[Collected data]
= = = =
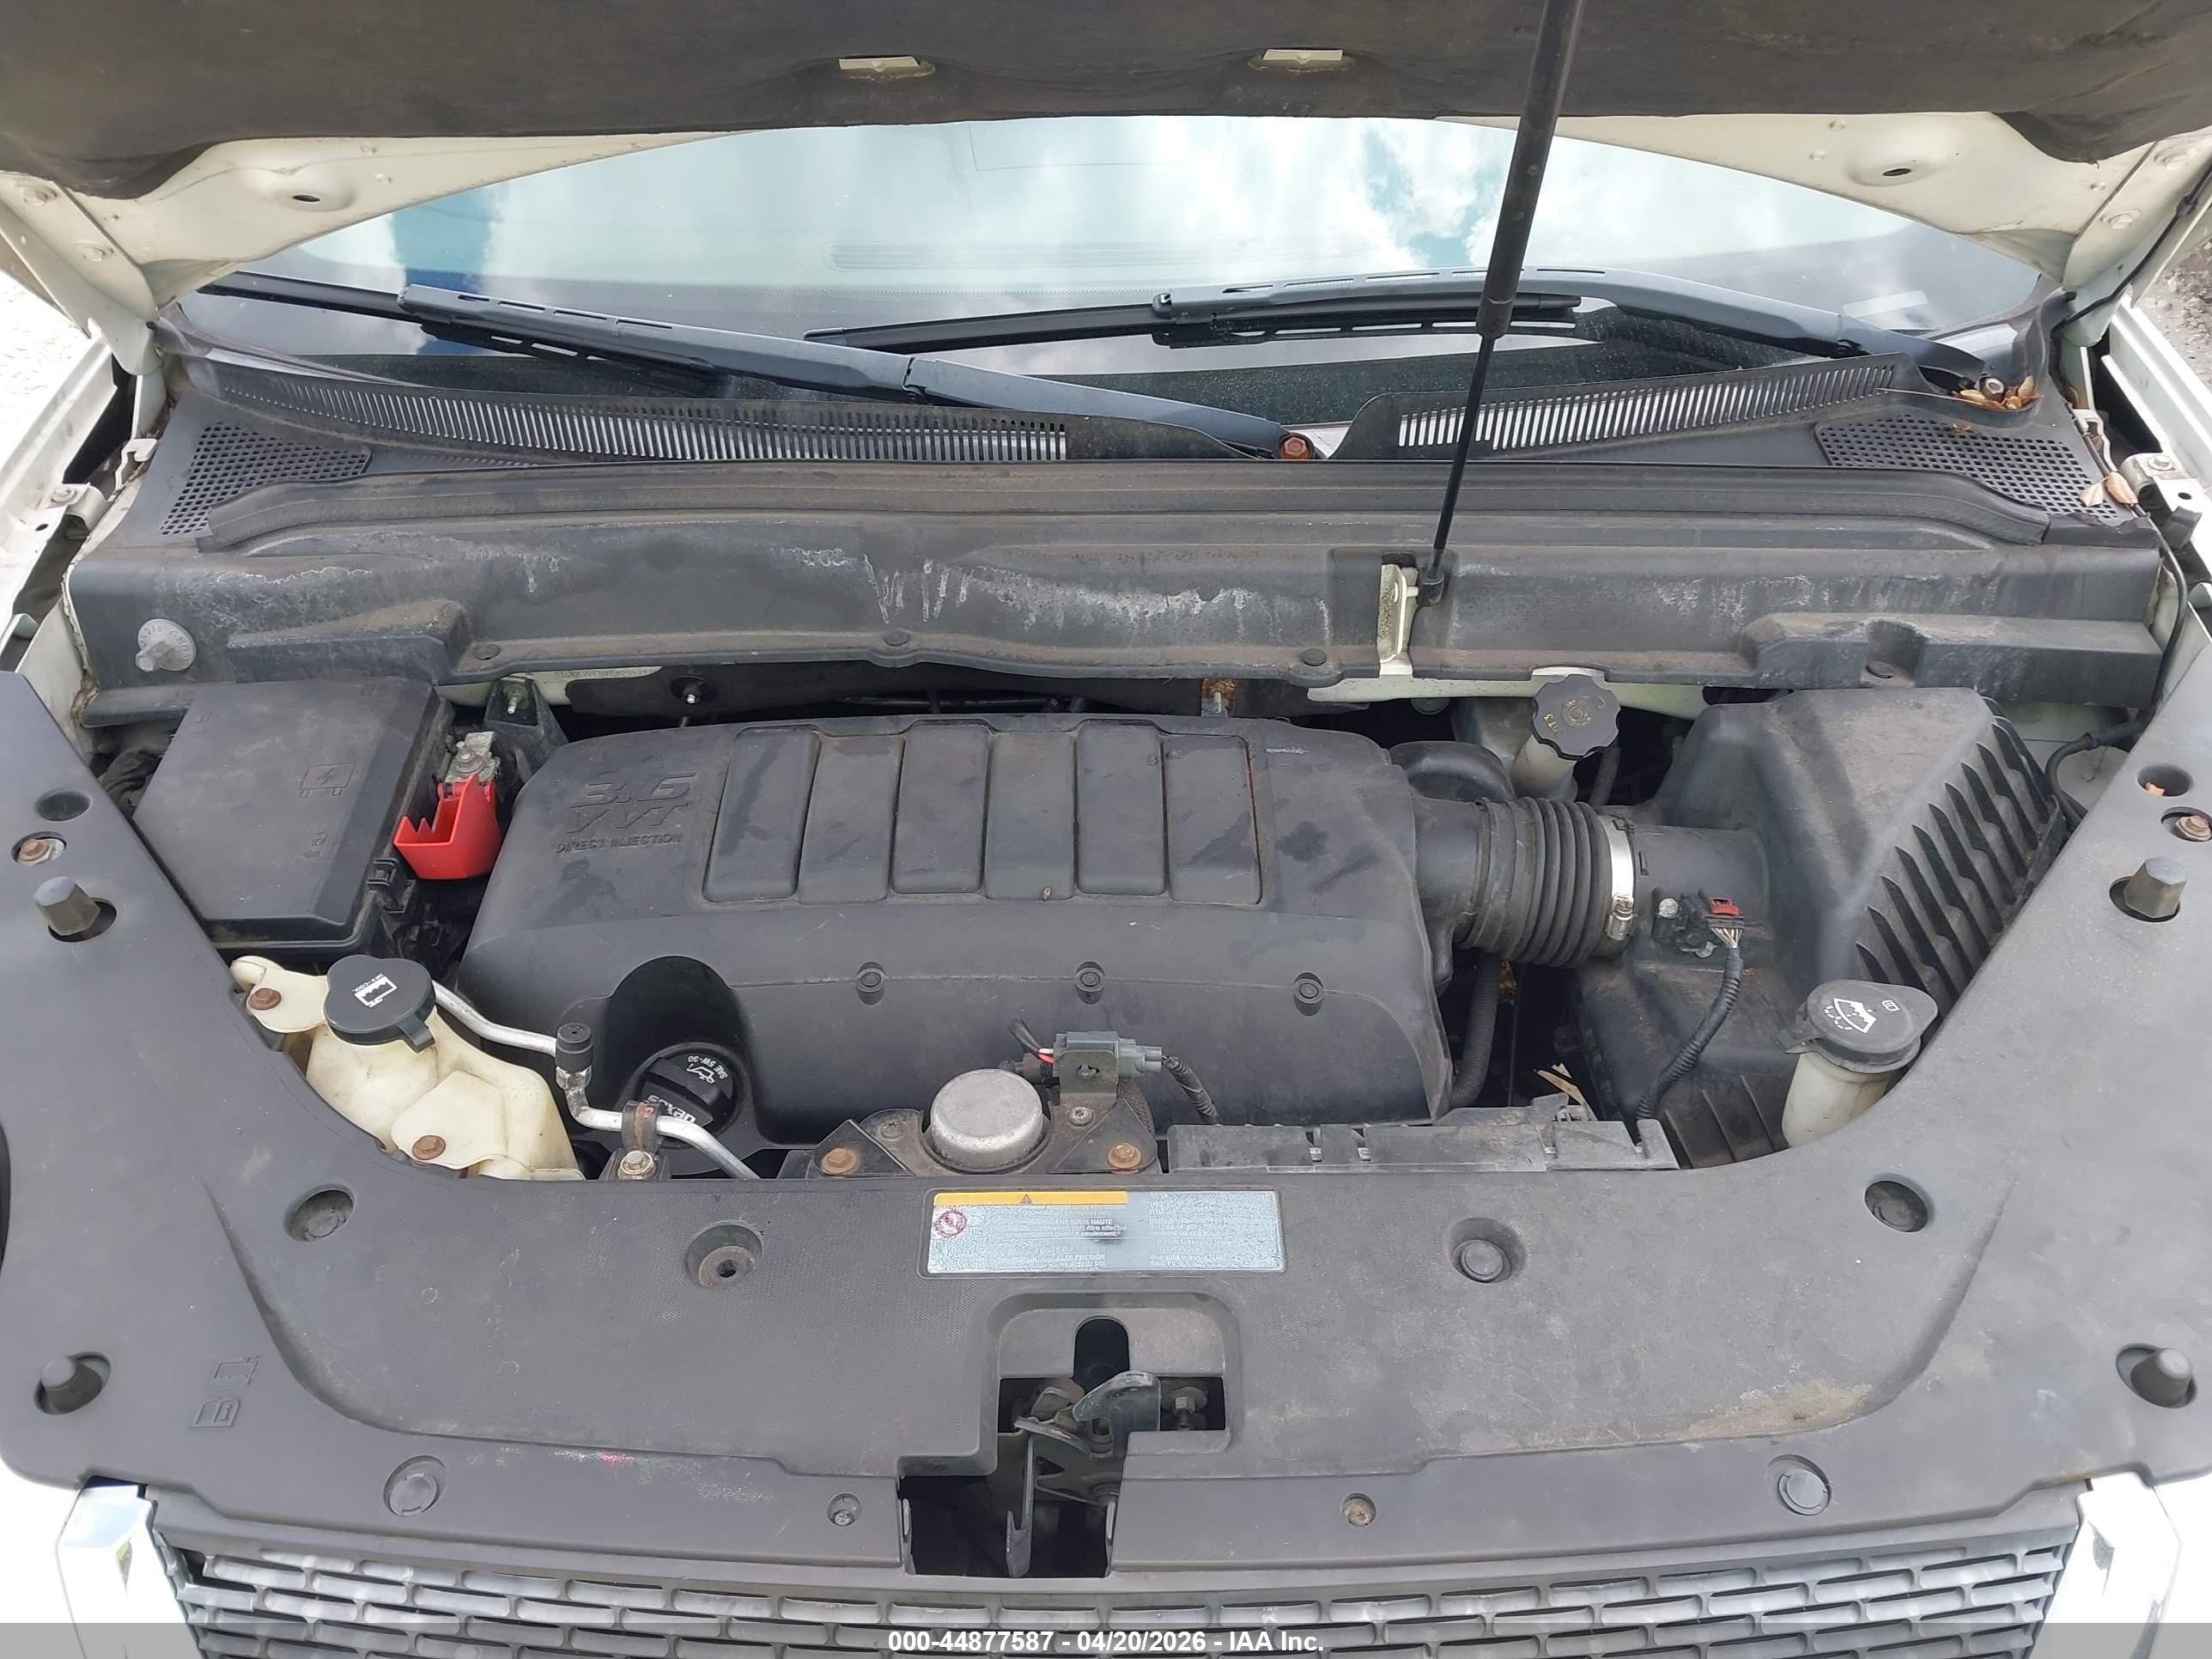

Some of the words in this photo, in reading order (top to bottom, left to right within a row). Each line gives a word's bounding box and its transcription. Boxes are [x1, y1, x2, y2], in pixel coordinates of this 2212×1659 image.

[569, 770, 697, 809] 3.6
[566, 803, 690, 834] VVT
[555, 838, 606, 854] DIRECT
[610, 832, 684, 848] INJECTION
[688, 1055, 716, 1067] 5W-30
[714, 1066, 728, 1079] SAE
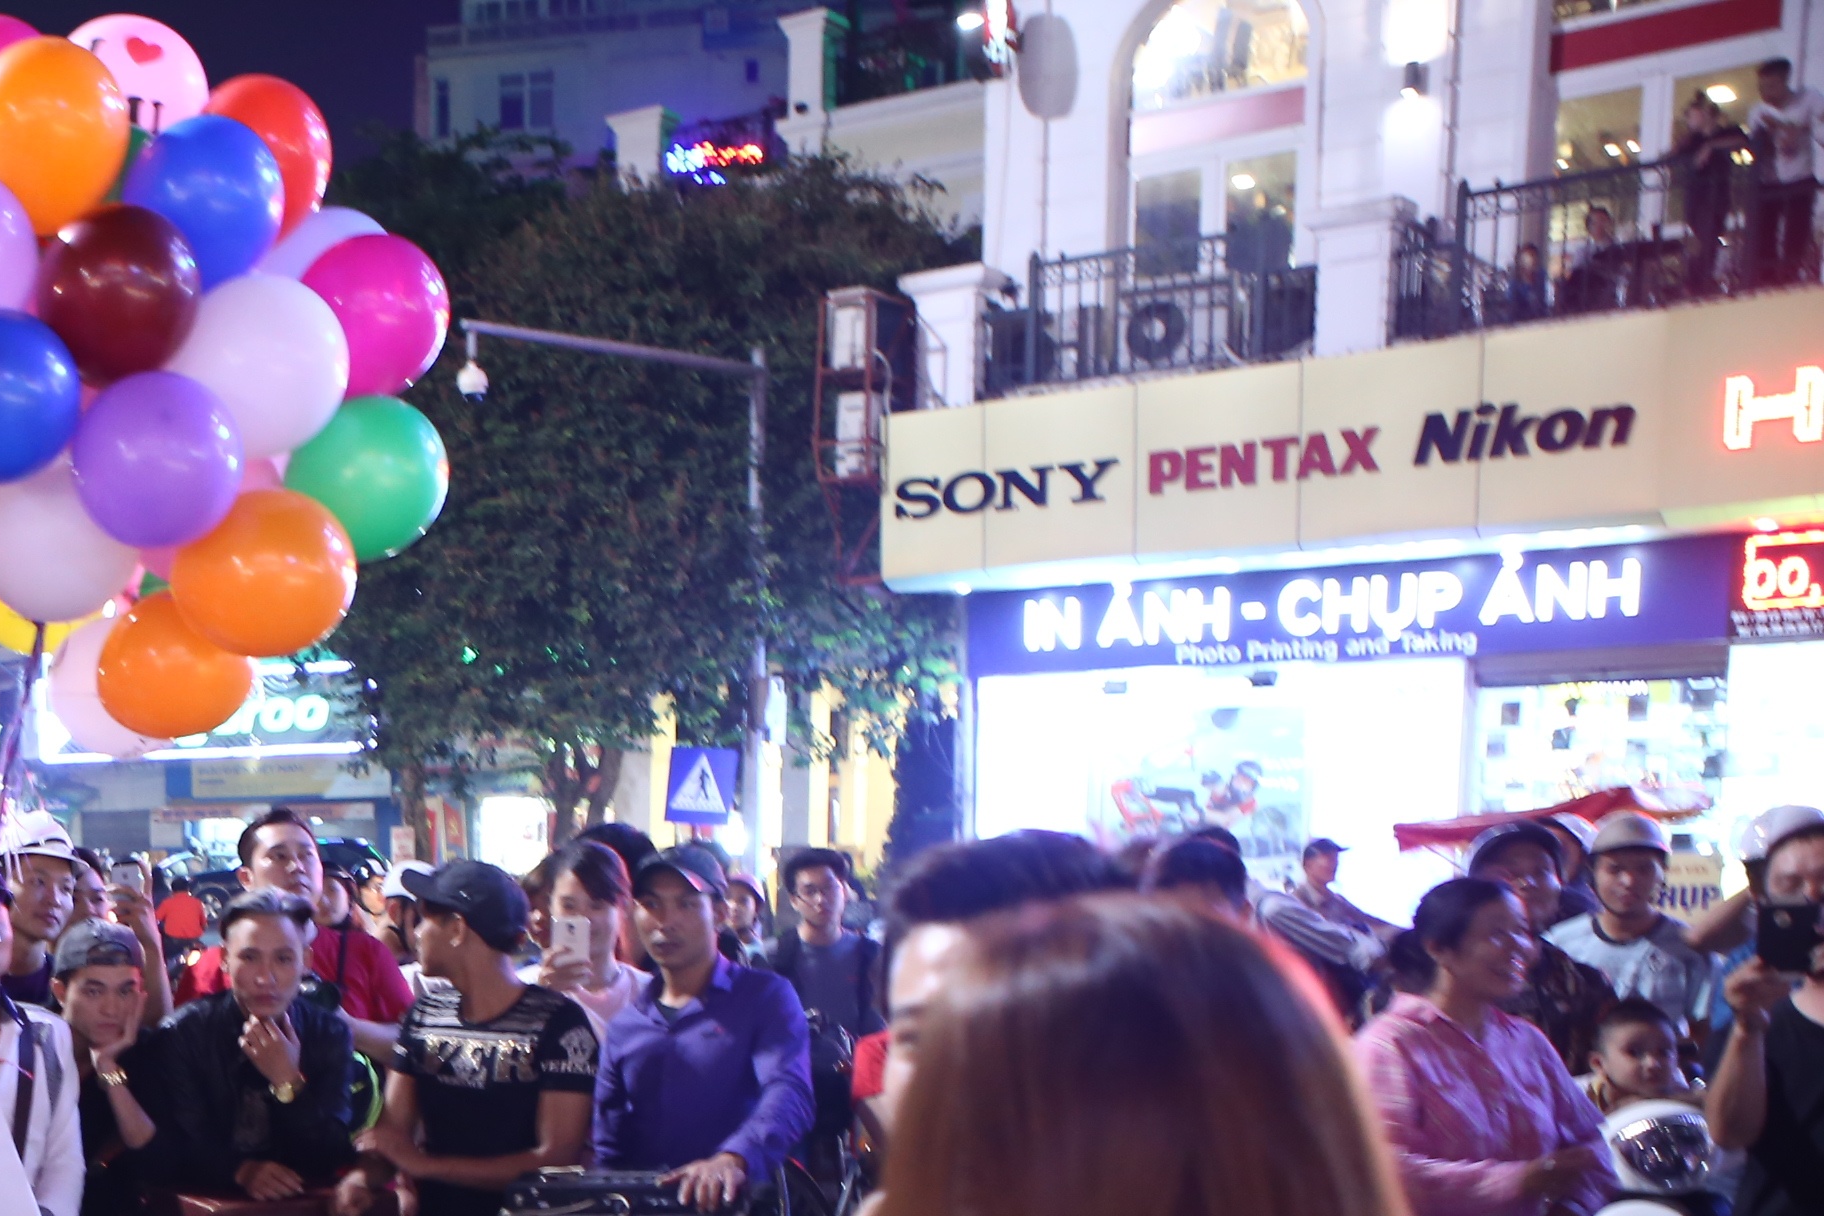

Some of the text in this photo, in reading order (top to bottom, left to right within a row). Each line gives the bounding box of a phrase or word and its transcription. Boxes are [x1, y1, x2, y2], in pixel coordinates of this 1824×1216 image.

[894, 402, 1637, 520] SONY PENTAX Nikon
[1023, 596, 1082, 653] IN
[1095, 580, 1232, 650] ẢNH
[1277, 571, 1464, 643] CHỤP
[1478, 546, 1642, 627] ẢNH
[1176, 631, 1477, 665] Photo Printing and Taking
= = = =
PROMPT :: Copy out all the data exactly, skipping the pictures.

WORKED SOLUTION ::
Some of the words in this photo, in reading order (top to bottom, left to right within a row). Each line gives a word's bounding box and its transcription. Boxes are [x1, y1, x2, y2], in pixel coordinates of this 2212×1659 image.

[569, 770, 697, 809] 3.6
[566, 803, 690, 834] VVT
[555, 838, 606, 854] DIRECT
[610, 832, 684, 848] INJECTION
[688, 1055, 716, 1067] 5W-30
[714, 1066, 728, 1079] SAE

Some of the text in this photo, in reading order (top to bottom, left to right within a row). Each line gives the bounding box of a phrase or word and its transcription. Boxes are [x1, y1, x2, y2], in pixel coordinates of this 1824×1216 image.

[894, 402, 1637, 520] SONY PENTAX Nikon
[1023, 596, 1082, 653] IN
[1095, 580, 1232, 650] ẢNH
[1277, 571, 1464, 643] CHỤP
[1478, 546, 1642, 627] ẢNH
[1176, 631, 1477, 665] Photo Printing and Taking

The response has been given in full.